[Input material — start]

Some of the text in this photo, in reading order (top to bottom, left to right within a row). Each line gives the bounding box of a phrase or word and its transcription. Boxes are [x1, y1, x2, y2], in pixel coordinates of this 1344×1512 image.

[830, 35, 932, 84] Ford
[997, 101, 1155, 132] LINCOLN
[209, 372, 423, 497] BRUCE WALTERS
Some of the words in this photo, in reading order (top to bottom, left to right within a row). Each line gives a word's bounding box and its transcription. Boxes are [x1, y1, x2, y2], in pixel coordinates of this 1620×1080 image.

[Input material — finish]
[Input material — start]

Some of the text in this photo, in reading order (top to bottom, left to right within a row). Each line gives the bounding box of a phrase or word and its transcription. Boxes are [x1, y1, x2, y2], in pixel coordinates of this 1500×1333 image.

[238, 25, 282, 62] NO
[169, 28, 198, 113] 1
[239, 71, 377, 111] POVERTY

[Input material — finish]
[Input material — start]

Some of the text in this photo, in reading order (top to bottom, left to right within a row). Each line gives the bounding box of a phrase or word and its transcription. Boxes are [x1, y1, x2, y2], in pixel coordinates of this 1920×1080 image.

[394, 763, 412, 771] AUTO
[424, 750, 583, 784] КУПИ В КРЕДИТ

[Input material — finish]

--- Problem requirements ---
Out of the data above, transcribe exactly and only the lines starting with the line that has "this 1344×1512 image." and going on through the line that has "Some of the words", both included.

--- Solved problem ---
Some of the text in this photo, in reading order (top to bottom, left to right within a row). Each line gives the bounding box of a phrase or word and its transcription. Boxes are [x1, y1, x2, y2], in pixel coordinates of this 1344×1512 image.

[830, 35, 932, 84] Ford
[997, 101, 1155, 132] LINCOLN
[209, 372, 423, 497] BRUCE WALTERS
Some of the words in this photo, in reading order (top to bottom, left to right within a row). Each line gives a word's bounding box and its transcription. Boxes are [x1, y1, x2, y2], in pixel coordinates of this 1620×1080 image.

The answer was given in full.